Читаем без скачивания Алфавита. Книга соответствий - Андрей Волос
Шрифт:
Интервал:
Закладка:
Осетины
— Пора с этим делом кончать, — сказал Вялов.
Поскольку он тут же пальнул из своей «тозовки» и грохнул еще одного зайца, доверчиво стоявшего на снегу в лучах фар, я не сразу понял, что мой начальник имел в виду под окончанием дела: то ли с несчастными животными предлагал немедленно и тотально покончить, то ли покончить с их безжалостным истреблением.
Оказалось, что он имел в виду последнее. Да и впрямь: жрать хотелось невыносимо, а никакой еды, кроме неописуемого количества зайчатины, у нас с собой не было.
Мы разрядили ружья и расселись в машине. Степь была ровной и белой.
Охота прошла, но ошалелые длинноухие грызуны этого еще не знали и то и дело с суицидальной резвостью выскакивали под колеса. Водитель
Коля беззлобно материл их, аккуратно объезжая. Я закрыл глаза, чтобы не видеть их странные прыжки на свету — неуверенные, скованные, будто в кандалах. Но зайцы продолжали упрямо появляться и в мерцающей темноте под веками.
— Заглянуть, что ли, к Вите-осетину, — пробормотал Вялов.
— Что? — переспросил Коля. — Что за осетин?
— Скотовод, — ответил Вялов. — Мы с ним в прошлом году на сайгаков ездили. Да, заедем, пожалуй. Хороший парень…

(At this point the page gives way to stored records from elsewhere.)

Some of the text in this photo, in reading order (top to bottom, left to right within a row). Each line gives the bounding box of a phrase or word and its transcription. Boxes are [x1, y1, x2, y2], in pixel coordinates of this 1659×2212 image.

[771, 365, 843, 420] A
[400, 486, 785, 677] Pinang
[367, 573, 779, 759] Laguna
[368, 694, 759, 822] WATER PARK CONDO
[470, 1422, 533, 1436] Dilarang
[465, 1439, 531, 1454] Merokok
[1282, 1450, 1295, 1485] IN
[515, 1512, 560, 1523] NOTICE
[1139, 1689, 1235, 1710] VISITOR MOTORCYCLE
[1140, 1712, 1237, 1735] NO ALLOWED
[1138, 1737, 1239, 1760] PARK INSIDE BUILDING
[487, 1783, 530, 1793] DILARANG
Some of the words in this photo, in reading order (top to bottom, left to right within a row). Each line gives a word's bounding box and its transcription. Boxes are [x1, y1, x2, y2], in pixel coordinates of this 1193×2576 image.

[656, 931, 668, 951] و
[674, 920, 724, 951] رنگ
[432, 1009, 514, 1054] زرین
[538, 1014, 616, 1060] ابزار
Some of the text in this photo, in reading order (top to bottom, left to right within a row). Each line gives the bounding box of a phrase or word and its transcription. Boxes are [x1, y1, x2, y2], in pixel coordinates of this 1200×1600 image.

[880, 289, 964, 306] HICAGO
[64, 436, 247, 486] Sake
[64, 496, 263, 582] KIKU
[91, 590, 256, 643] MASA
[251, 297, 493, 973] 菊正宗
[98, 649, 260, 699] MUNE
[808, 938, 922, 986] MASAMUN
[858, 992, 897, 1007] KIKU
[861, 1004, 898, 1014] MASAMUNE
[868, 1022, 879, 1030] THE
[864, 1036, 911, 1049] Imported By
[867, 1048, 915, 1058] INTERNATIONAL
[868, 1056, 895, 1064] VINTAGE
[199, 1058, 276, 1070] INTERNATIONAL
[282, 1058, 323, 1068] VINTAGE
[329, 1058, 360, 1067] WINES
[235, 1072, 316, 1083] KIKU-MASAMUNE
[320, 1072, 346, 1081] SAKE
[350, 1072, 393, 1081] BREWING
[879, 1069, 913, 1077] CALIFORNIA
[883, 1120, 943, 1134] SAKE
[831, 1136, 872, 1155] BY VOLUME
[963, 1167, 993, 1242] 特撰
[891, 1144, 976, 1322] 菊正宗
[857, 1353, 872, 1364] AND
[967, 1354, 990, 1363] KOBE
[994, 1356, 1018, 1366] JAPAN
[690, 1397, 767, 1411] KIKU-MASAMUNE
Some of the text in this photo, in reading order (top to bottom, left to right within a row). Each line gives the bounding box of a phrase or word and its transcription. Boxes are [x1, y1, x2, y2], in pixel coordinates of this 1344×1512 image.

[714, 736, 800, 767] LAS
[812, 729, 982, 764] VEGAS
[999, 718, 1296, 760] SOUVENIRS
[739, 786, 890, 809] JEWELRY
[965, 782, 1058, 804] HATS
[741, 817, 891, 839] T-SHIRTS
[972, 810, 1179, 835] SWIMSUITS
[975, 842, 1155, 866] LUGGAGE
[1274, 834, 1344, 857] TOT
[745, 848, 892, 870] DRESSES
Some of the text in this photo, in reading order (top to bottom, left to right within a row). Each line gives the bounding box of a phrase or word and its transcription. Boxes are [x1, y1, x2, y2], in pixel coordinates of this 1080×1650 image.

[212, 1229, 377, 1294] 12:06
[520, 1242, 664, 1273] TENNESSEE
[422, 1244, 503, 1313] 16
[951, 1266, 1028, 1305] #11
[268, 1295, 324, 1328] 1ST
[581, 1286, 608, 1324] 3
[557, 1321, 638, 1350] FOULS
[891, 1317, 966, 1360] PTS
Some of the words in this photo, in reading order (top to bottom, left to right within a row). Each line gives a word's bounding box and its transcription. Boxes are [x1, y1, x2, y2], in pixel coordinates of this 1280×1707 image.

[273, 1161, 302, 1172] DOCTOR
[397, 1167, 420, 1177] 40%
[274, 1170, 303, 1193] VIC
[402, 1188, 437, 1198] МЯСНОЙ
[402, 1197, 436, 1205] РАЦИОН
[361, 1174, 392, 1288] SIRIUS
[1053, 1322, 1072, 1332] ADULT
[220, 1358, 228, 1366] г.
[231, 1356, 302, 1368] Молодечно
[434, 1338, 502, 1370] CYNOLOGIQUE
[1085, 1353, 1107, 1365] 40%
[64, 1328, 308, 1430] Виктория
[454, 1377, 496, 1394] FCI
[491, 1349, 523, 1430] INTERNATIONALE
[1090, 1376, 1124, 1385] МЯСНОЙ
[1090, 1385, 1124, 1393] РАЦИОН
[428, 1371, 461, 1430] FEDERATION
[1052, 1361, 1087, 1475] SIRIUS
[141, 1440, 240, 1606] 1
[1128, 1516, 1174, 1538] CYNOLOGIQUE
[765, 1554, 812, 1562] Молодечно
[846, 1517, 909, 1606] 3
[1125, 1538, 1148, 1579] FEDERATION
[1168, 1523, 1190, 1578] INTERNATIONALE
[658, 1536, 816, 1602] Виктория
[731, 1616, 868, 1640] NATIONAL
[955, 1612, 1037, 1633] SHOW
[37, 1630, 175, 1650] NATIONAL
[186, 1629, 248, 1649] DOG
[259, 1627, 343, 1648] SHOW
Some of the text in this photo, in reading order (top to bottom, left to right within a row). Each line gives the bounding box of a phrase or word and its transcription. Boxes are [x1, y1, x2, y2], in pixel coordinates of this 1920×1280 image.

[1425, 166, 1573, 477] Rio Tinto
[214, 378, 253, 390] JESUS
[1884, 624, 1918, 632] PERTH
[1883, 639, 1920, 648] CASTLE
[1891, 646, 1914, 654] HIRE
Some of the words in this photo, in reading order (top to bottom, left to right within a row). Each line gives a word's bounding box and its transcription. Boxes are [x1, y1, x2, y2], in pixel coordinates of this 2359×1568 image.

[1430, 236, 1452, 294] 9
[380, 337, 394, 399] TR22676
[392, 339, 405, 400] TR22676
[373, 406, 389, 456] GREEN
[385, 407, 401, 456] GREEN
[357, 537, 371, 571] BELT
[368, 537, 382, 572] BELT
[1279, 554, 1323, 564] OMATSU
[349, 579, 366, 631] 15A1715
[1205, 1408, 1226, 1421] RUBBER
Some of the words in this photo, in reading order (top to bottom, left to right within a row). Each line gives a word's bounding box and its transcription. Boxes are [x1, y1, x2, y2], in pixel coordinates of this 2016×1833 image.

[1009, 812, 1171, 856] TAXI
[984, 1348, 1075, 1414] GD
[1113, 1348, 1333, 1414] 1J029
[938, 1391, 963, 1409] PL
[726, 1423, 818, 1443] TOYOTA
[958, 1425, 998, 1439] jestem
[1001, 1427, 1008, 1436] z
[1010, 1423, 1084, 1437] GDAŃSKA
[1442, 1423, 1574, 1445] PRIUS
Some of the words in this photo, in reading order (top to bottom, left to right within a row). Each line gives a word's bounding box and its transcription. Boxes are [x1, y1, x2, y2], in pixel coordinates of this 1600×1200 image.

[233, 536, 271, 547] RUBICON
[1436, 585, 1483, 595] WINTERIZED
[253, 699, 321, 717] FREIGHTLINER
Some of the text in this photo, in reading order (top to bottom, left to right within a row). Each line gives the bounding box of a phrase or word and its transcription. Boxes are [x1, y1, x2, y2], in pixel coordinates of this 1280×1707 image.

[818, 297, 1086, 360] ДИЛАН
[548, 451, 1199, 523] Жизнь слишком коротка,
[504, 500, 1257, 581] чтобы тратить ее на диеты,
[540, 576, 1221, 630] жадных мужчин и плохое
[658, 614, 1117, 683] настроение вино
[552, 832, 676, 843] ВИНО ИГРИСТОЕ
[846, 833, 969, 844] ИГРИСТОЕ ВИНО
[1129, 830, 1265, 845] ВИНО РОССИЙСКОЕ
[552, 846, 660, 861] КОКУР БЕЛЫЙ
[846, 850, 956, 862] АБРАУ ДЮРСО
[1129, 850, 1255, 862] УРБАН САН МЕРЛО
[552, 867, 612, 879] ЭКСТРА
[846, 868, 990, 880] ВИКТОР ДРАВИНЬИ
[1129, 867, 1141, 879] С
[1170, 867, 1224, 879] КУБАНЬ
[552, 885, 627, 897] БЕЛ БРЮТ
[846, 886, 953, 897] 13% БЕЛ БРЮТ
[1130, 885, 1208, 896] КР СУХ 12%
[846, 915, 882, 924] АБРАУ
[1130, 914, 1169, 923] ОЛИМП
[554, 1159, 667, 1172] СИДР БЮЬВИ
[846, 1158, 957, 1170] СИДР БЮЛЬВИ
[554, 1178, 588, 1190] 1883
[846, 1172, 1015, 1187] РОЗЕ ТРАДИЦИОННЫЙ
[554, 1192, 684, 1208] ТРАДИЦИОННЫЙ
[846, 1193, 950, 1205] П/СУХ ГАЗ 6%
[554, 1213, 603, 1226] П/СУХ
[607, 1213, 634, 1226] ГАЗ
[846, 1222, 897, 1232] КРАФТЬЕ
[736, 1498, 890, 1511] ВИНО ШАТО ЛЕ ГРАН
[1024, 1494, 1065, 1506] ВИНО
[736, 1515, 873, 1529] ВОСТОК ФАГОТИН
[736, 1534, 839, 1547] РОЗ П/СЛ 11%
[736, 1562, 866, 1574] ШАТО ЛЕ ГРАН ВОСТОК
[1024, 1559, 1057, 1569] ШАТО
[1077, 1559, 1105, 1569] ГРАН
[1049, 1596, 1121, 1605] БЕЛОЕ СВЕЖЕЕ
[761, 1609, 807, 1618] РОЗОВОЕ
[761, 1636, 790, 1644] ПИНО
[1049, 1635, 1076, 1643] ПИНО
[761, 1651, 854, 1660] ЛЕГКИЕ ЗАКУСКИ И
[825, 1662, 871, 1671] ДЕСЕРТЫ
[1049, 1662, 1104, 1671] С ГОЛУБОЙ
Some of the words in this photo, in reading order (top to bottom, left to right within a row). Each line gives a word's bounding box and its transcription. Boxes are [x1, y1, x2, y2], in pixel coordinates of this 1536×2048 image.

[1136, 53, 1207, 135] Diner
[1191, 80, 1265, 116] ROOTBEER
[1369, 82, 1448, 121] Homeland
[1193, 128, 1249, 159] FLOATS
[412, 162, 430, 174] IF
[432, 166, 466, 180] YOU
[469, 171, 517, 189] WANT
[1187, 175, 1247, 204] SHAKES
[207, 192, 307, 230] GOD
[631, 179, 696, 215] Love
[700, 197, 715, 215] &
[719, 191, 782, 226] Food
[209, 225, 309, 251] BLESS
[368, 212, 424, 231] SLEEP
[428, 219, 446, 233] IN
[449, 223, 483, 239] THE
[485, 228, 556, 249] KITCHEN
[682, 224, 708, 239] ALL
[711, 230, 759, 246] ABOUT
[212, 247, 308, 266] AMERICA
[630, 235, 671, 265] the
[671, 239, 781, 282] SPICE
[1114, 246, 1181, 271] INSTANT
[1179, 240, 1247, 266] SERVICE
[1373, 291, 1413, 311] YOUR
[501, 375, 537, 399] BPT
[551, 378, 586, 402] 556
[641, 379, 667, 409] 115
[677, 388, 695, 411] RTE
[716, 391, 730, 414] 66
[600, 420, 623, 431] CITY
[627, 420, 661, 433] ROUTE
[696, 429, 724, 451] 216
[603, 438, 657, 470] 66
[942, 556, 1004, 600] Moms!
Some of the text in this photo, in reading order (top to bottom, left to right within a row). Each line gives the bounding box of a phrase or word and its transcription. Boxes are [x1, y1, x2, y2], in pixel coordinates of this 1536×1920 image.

Я подремывал, вспоминая, что уже был знаком с одним осетином — Сашей
Гасановым, работавшим экспедиционным шофером у моего отца (см.
Локайцы, Родословная). Он был ранен на фронте в 1943 году.
Правая щека его всегда усмехающегося лица была отмечена глубокой воронкой. Я неоднократно спрашивал, как же так: если пуля ударила справа, она должна была пробить и левую щеку!
— Я ее выплюнул, — доверительно отвечал он. — А ты как думал? Тьфу — и нету!
Честно сказать, я в это не до конца верил. В свои двенадцать или тринадцать лет я был достаточно начитан (см. Энциклопедия), чтобы отличить суровую и ясную правду от пусть и добродушного, но все же лукавого подтрунивания.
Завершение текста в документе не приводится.